Top Secret coincides with the 100th anniversary of GCHQ, the UK’s Intelligence, Security and Cyber agency.

The exhibition has been curated by Dr Elizabeth (Liz) Bruton, Curator of Technology and Engineering at the Science Museum, and DEHS committee member.

To coincide with this exhibition, Liz and DEHS President Keith Thrower have been busy organising a DEHS conference with the title ‘Security & Intelligence’ which will take place on Wednesday 27 November. The Science Museum has most kindly allowed us to hold the conference in the Dana Centre, located in Queens Gate, which is only a short distance from the main museum building. The only cost will be £25 for refreshments.

To book a place for the one-day conference on 27 November , use the booking form [Word document] [pdf]

Although it is early days, we already have seven confirmed speakers and two others who are probable.

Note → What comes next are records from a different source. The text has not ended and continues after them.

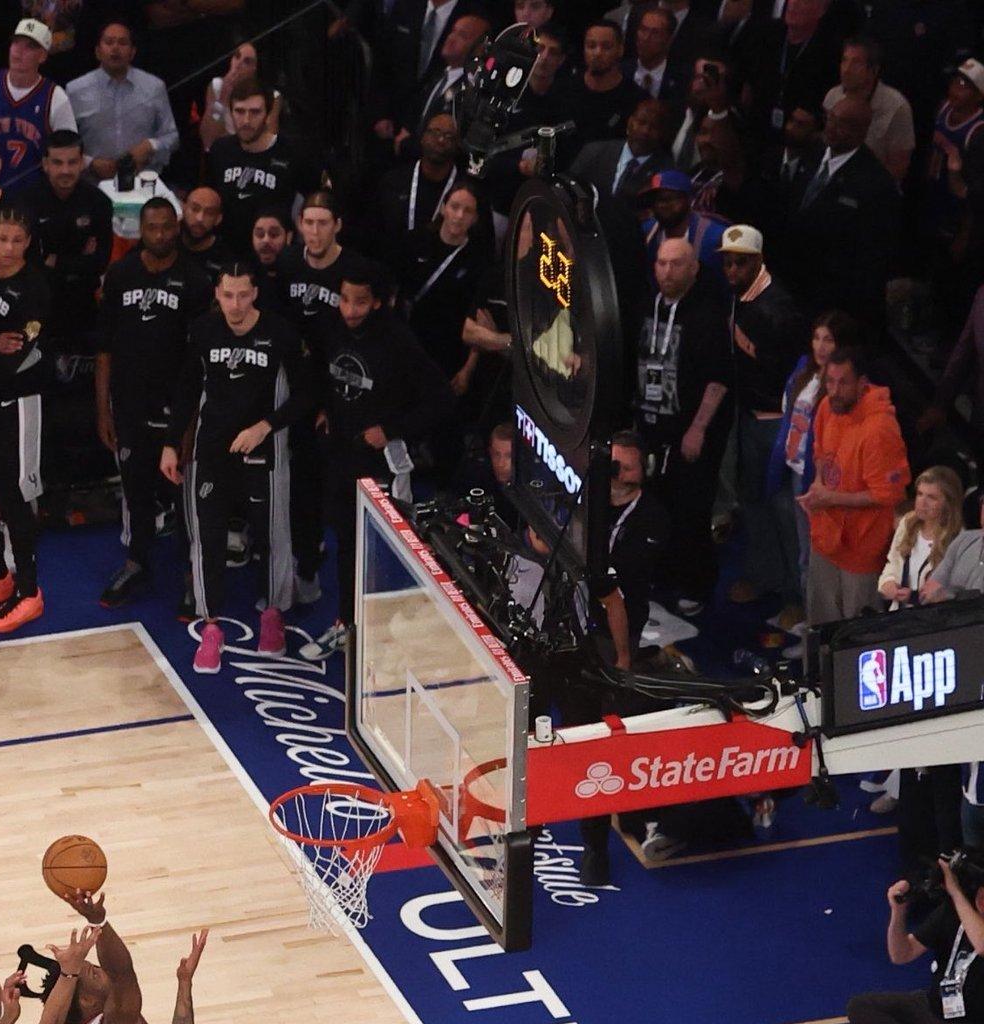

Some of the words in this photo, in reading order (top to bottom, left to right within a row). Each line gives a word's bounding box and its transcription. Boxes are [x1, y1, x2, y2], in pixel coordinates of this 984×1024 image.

[7, 140, 27, 167] 7
[224, 166, 277, 190] SPURS
[122, 288, 179, 311] SPURS
[209, 348, 269, 370] SPURS
[890, 646, 956, 710] App

  • The Keynote Address at the conference will be given by Tony Comer, the GCHQ Departmental Historian
  • Dr David Kenyon, the Bletchley Park historian, will give a talk on the History of Bletchley Park
  • Dr Helen Fry will give the talk ‘Listening-in: what was discovered from senior German POWs in WW2’
  • A senior representative from the National Cyber Security Centre who tell us of the present-day cyber threat
  • Dr Olga Topol, of the Pilsudski Institute in London, will give a talk on the Enigma Double Machine
  • Dr Edward Stansfield, previously a senior manager at Racal Research, is an expert on speech coding and will outline the workings of vocoders
  • Dr Keith Thrower will give a talk on the Fullerphone which was used to provide secure Morse communication across the battlefield in the two World Wars.

Both the IET History of Technology Committee and the Newcomen Society are co-sponsors.

The conference will conclude at 4 p.m. and Liz will then take us through to the exhibition and give a conducted tour.